Redonner au stigmate historique une valeur positive, symbolique, culturelle et identitaire… La valorisation actuelle d’origines autochtones et mixtes témoigne d’un décloisonnement des appartenances culturelles historiques au Canada et d’une désinhibition du fait autochtone. Ces mouvements identitaires reconnaissent les particularismes, autrefois péjoratifs et marginalisés, pour les réclamer avec fierté. C’est l’observation de ces phénomènes qui m’amène à proposer l’existence d’une interaction continue entre le statut, la catégorie sociale et l’identité des Métis.

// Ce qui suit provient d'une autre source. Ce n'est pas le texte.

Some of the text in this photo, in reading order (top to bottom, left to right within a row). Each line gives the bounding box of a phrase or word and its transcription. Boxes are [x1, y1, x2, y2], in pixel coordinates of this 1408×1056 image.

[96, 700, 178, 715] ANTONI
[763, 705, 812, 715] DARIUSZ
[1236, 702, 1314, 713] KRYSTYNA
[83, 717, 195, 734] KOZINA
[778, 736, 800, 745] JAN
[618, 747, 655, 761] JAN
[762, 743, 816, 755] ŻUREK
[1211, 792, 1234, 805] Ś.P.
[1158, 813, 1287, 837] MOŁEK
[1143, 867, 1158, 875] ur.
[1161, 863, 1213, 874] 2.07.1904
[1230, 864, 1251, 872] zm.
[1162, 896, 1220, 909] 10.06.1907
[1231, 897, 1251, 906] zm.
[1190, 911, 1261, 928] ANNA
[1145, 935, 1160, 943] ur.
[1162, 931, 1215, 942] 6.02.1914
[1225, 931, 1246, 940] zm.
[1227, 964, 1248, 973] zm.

Chronologie des ouvrages précités

Emmanuel Michaux a terminé sa thèse de doctorat en 2014, l’année à laquelle se clôturaient les travaux de la Chaire de recherche du Canada auxquels il a aussi contribué. Dans L’identité métisse dans l’Est du Canada, Emmanuel Michaux présente une oeuvre réfléchie, nuancée et bien achevée. Résultat de ses recherches réalisées depuis 2008, il présente un regard ancré dans une importante diversité empirique. C’est là sa grande richesse.

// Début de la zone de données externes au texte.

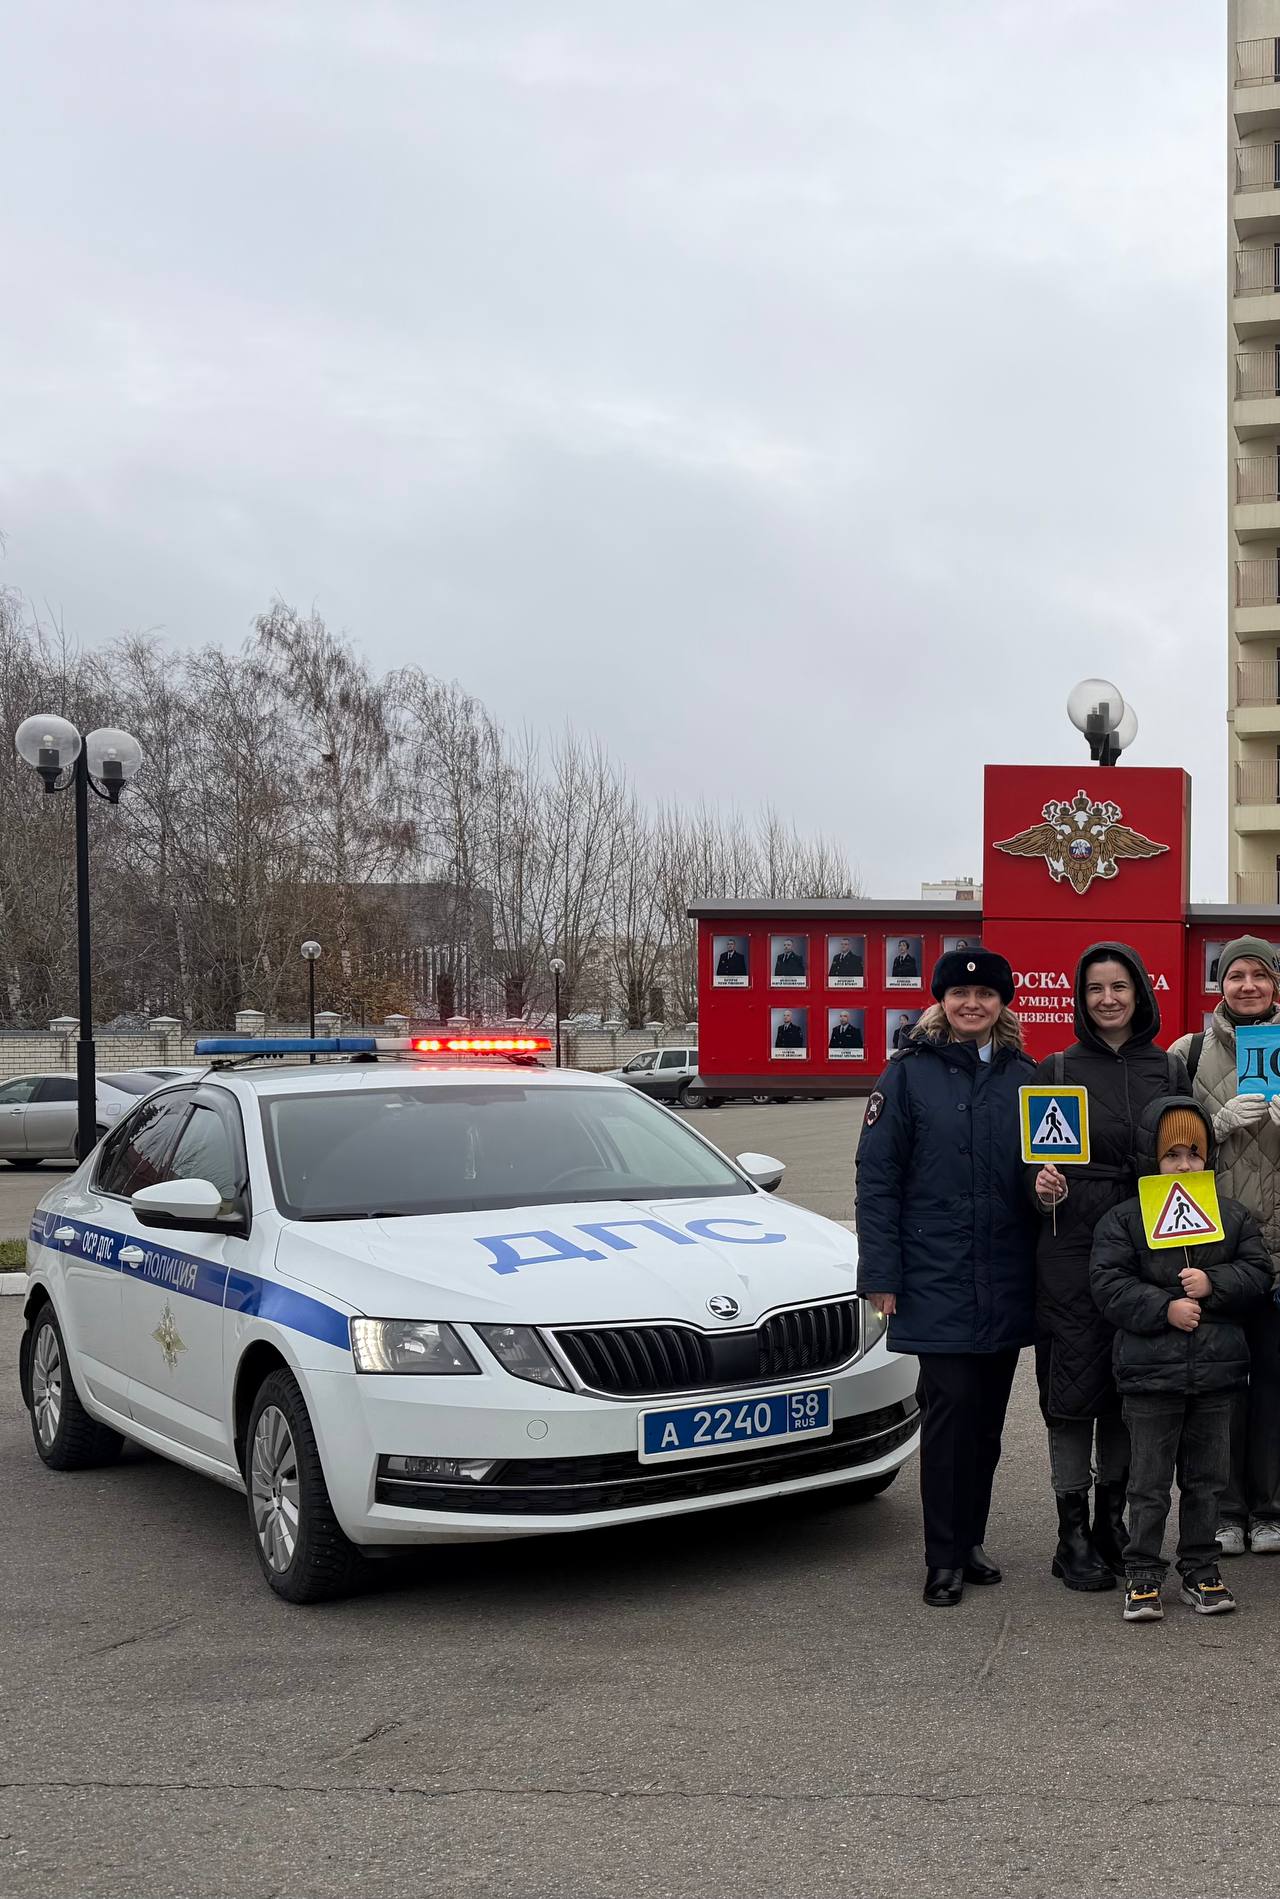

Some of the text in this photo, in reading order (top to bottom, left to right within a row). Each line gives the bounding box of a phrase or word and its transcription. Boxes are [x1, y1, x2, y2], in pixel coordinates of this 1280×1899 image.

[1012, 971, 1071, 989] ОСКА
[1019, 996, 1062, 1012] УМВД
[1016, 1011, 1079, 1027] НЗЕНСК
[82, 1230, 114, 1262] ОСР ДПС
[473, 1218, 787, 1276] ДПС
[143, 1250, 199, 1291] ПОЛИЦИЯ
[791, 1393, 820, 1419] 58
[660, 1402, 772, 1448] А 2240
[794, 1417, 816, 1429] RUS

Dans L’identité métisse en question (Gagnon et Giguère 2012), Michaux présentait déjà les prémisses de ses réflexions, plus particulièrement au sujet des Magouas de Yamachiche. Dans son livre publié en 2017, Michaux compare dans des contextes thématiques bien structurés les réalités ethnographiques des Métis acadiens des Maritimes et plus particulièrement du sud-ouest de la Nouvelle-Écosse, les Magouas de Petit-Village de Yamachiche au Québec, les Métis du Saguenay, en faisant régulièrement référence aux Métis du Manitoba. Son approche sur l’identité s’inspire du culturalisme de Marshall Sahlins pour proposer le cadre du culturalisme métis. Le culturalisme métis lui permet « de déconstruire le dualisme eurocanadien/autochtone ou, du moins, l’amène à se repositionner en suggérant que le monde eurocanadien et le monde autochtone se recoupent plus qu’ils ne se repoussent. Il en ressort une logique de synthèse et de réconciliation que l’on peut qualifier, pour répondre d’une certaine convention, de métisse » (Michaux 2017 : 6).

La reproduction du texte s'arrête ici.